The theme of restlessness is also manifested in a light titled “My Affair with Sandy” “by shifting the perception of plastic from a cold, rigid material into a breathing entity,” she said. Artist Yaron Elyasi created the light with recycled polymers.

The exhibit begins and ends with the theme of light, a major feature in the Israeli culture, from Hanukkah, the Jewish Festival of Lights, to Haskalah, a 19th-century Jewish Enlightenment that focused on secular learning and modern philosophy.

The focus on recent works is partly because in the years following the formation of Israel, “people were otherwise occupied,” Sidner said. With no infrastructure, little food and a large surge in population, people were struggling to survive. Crafts and design were not a priority.

But the austerity years of the 1950s forced people to “create something out of nothing,” Samson said. Rojy Ben-Joseph, an immigrant from Bulgaria who came to Israel in 1948 and worked at her father’s textile factory, took remnant towel material and transformed it into a fashion trend by turning cloth into a vibrant fabric “incorporating the brilliant colors of Israel,” she said. Ben-Joseph went on to become a fashion designer.

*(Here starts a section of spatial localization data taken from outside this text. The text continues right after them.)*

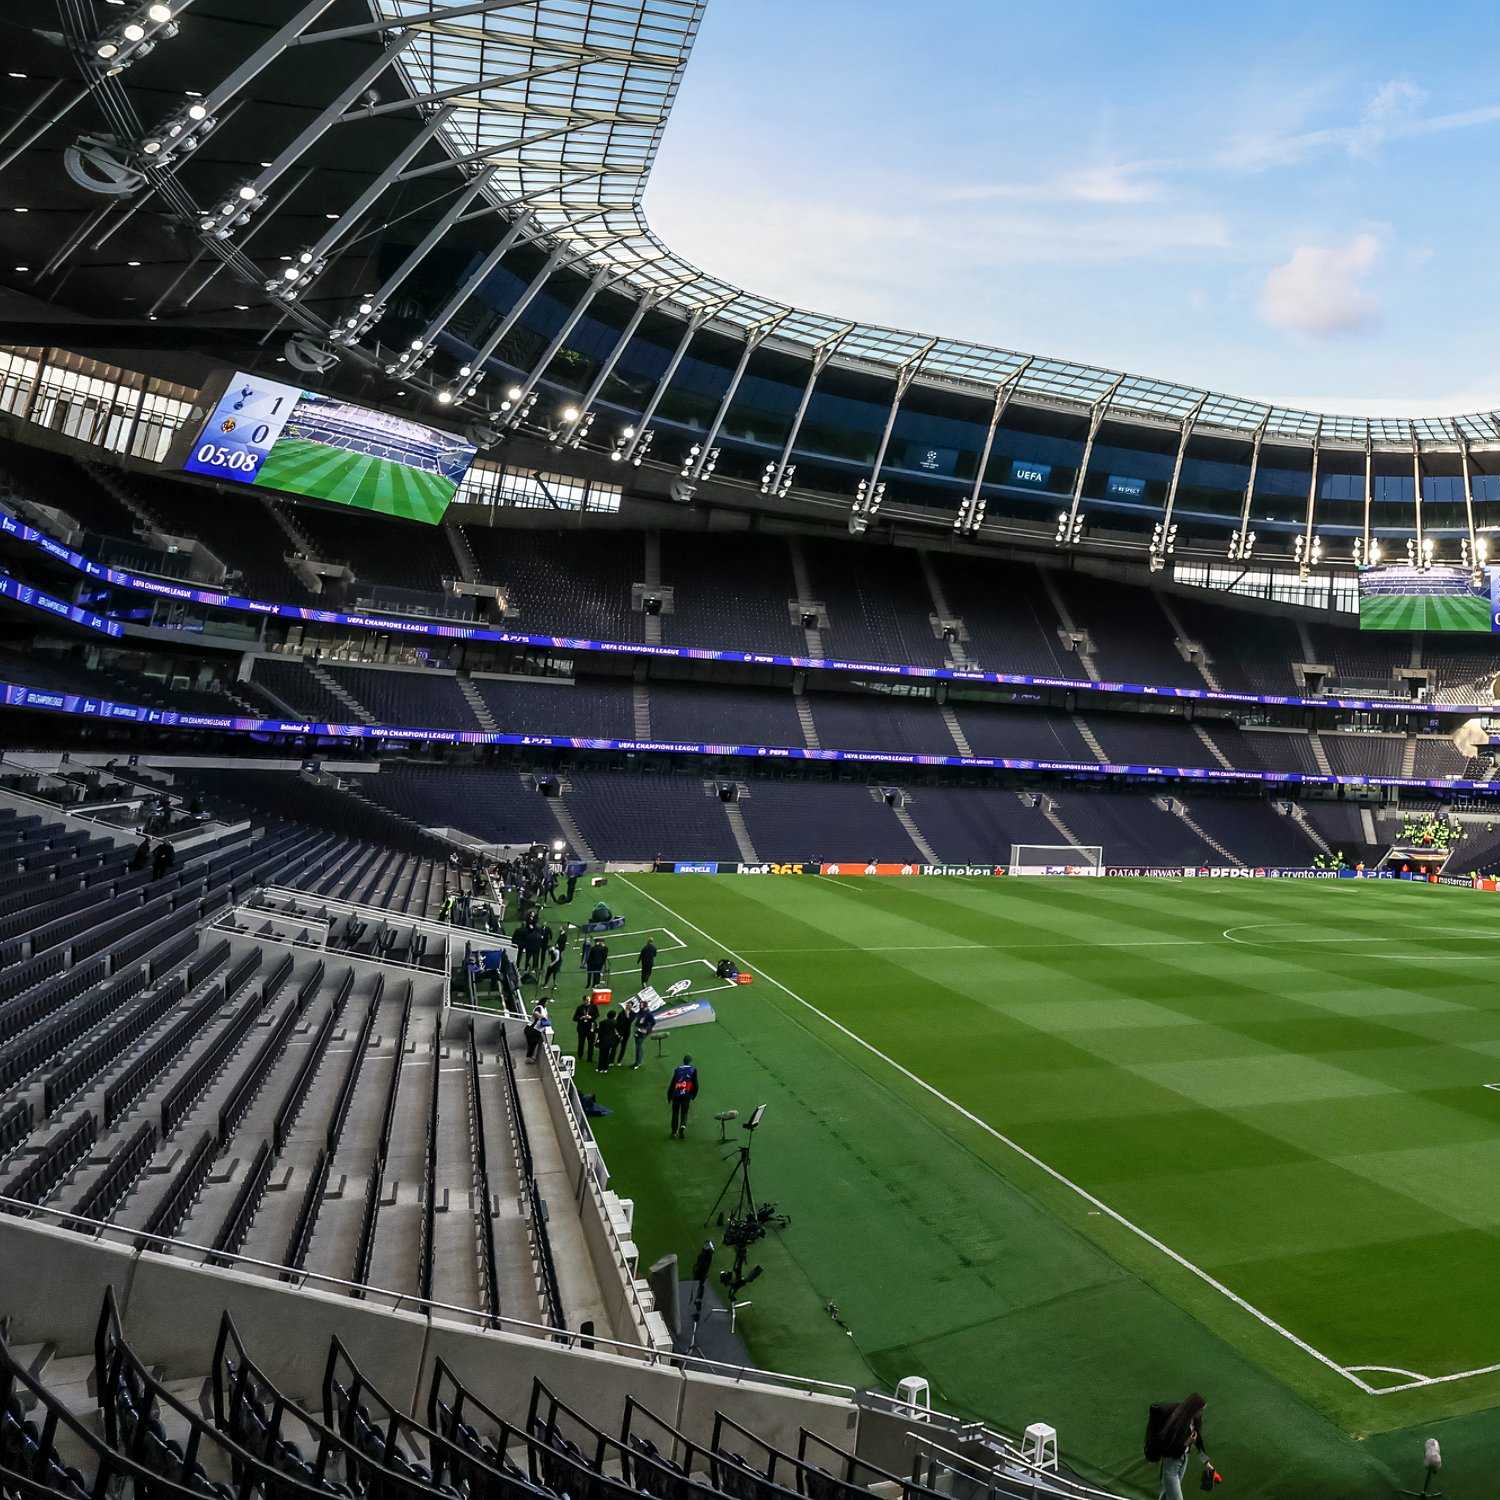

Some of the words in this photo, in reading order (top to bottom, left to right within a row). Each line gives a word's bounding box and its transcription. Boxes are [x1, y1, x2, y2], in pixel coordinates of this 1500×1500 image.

[270, 396, 284, 416] 1
[252, 425, 270, 444] 0
[197, 444, 259, 472] 05:08
[1016, 470, 1042, 483] UEFA
[347, 616, 364, 626] UEFA
[364, 618, 402, 630] CHAMPIONS
[402, 623, 428, 632] LEAGUE
[618, 645, 655, 654] CHAMPIONS
[656, 648, 680, 656] LEAGUE
[389, 730, 428, 738] CHAMPIONS
[737, 864, 804, 874] bet365
[924, 865, 990, 876] Heineken
[1109, 868, 1140, 877] QATAR
[1144, 868, 1182, 877] AIRWAYS
[1210, 868, 1254, 878] PEPSI
[1282, 870, 1336, 878] crypto.com
[1438, 877, 1472, 887] mastercard
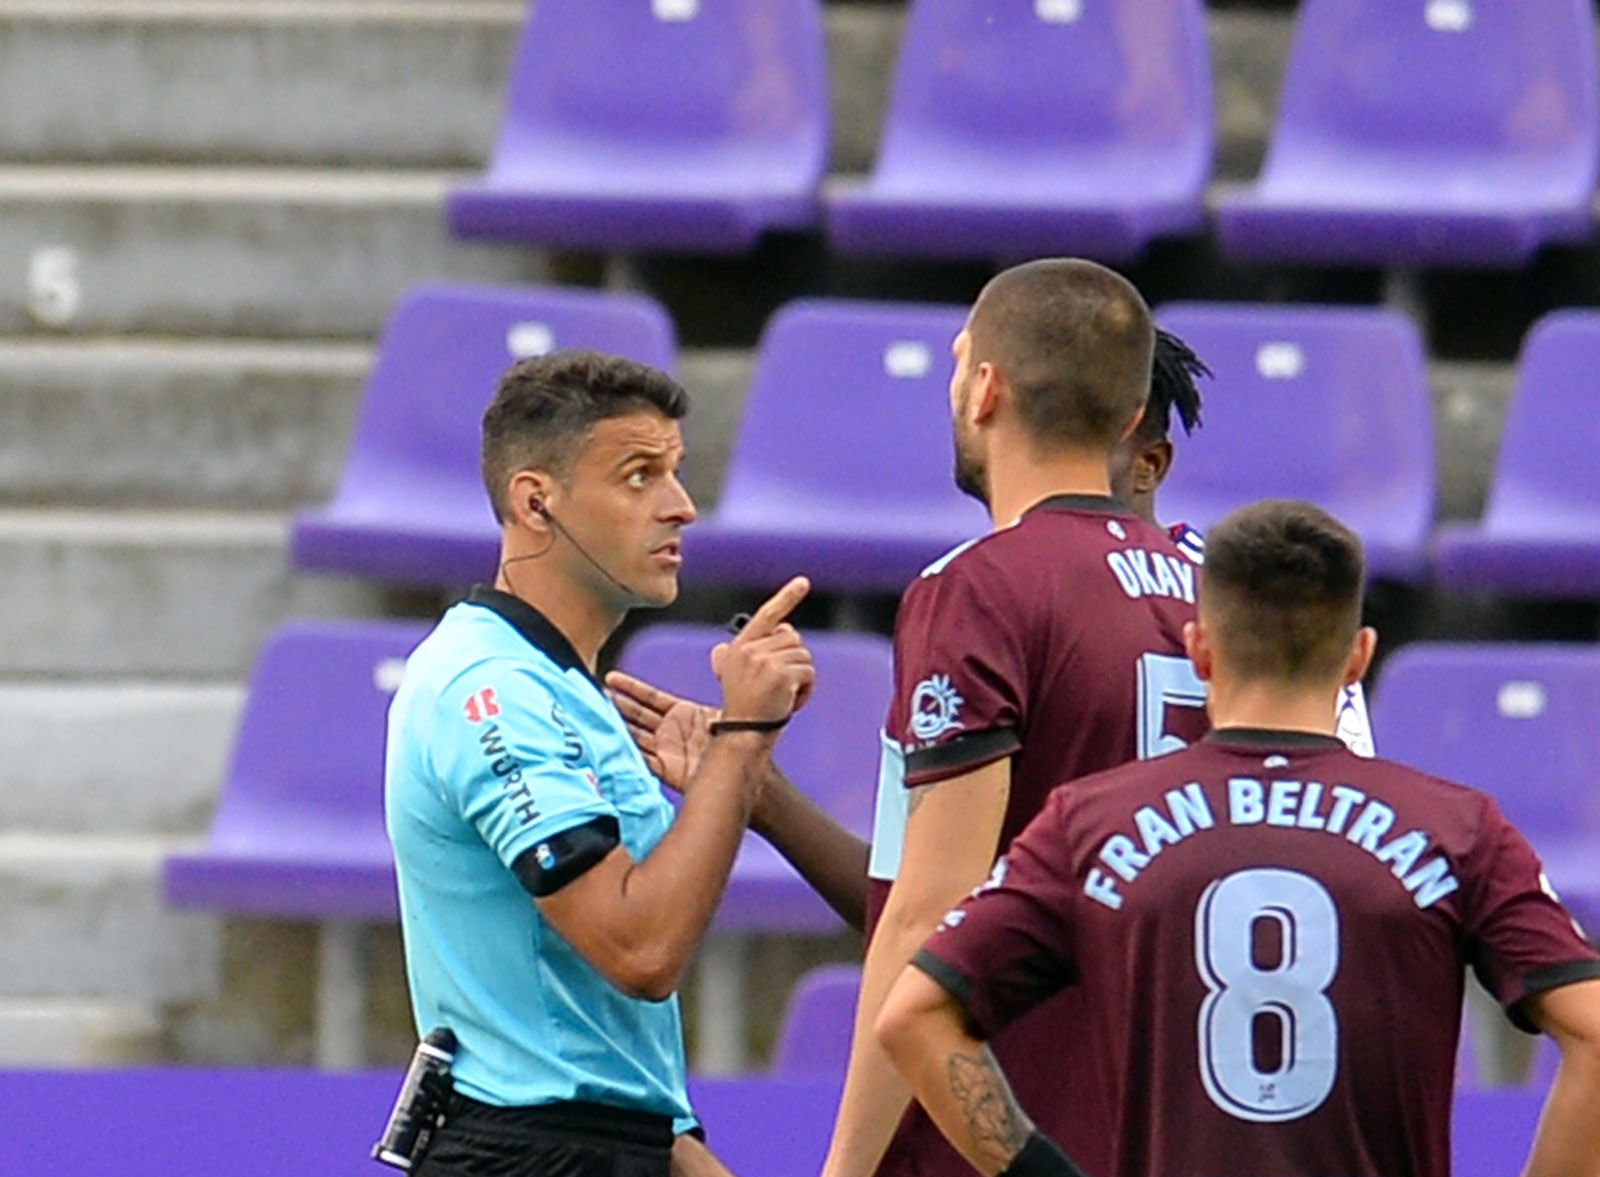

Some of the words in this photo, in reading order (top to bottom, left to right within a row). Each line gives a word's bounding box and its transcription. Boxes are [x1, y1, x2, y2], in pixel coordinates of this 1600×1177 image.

[1107, 549, 1195, 604] OKAY
[1083, 782, 1215, 910] FRAN
[1194, 868, 1339, 1122] 8
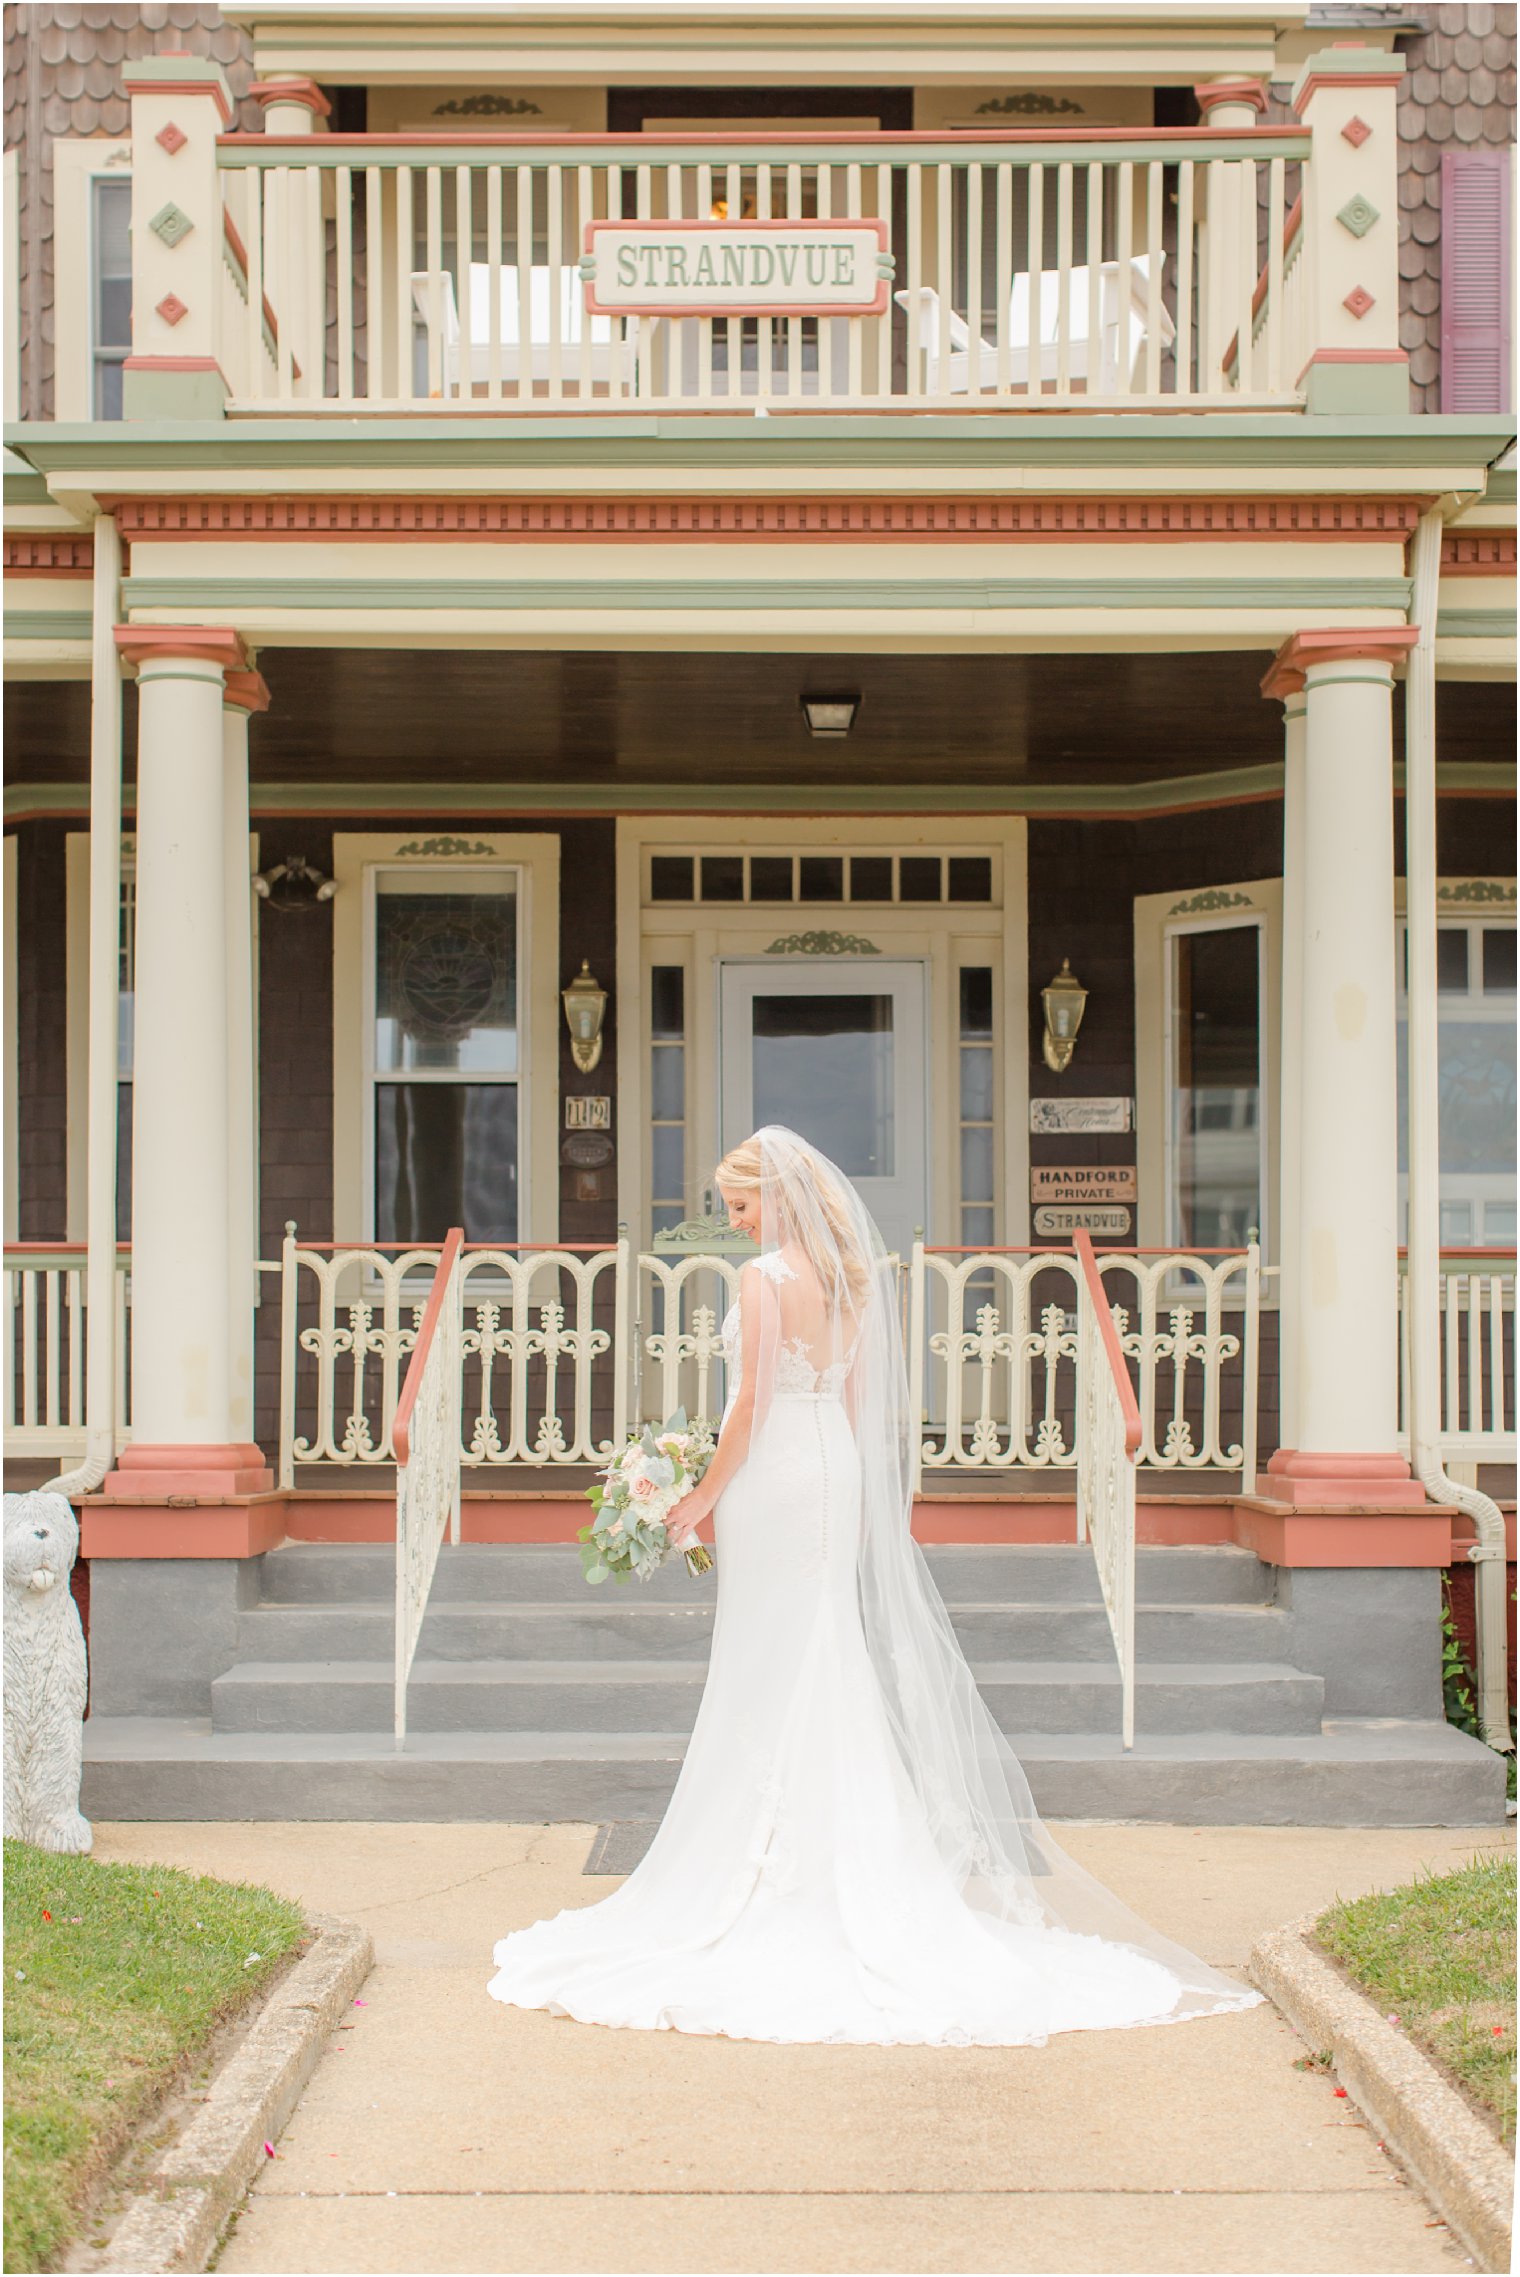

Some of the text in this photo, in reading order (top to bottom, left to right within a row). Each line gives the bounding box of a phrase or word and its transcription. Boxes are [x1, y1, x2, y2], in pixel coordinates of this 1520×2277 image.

[617, 244, 855, 288] STRANDVUE
[1039, 1171, 1130, 1184] HANDFORD
[1054, 1188, 1115, 1198] PRIVATE
[1043, 1212, 1126, 1229] STRANDVUE

This mindset has led to innovations such as the “Spring Heel Shoes” by Neta Soreq, who used 3D scans to create the bouncy footwear out of nylon with a photopolymer sole for grip. Raw-Edges Design Studio uses the technology of computer numerical control (CNC) and a dyeing technique that utilizes the grain of the wood to create sculpted benches out of wood pieces that look almost like fabric.

Recycled and re-purposed materials still play a prominent role among Israel’s artist and designers. Lital Mendel’s “Oops,” for example, is an origami necklace made out of old love letters. Other items — such as Adital Ela’s biodegradable Terra stools made from a blend of earth and natural fibers and OrCam design studio’s MyEye, a devise for the visually impaired that clips to glasses and reads text to the wearer — show Israel’s “transition from a national society into a global culture,” Samson said.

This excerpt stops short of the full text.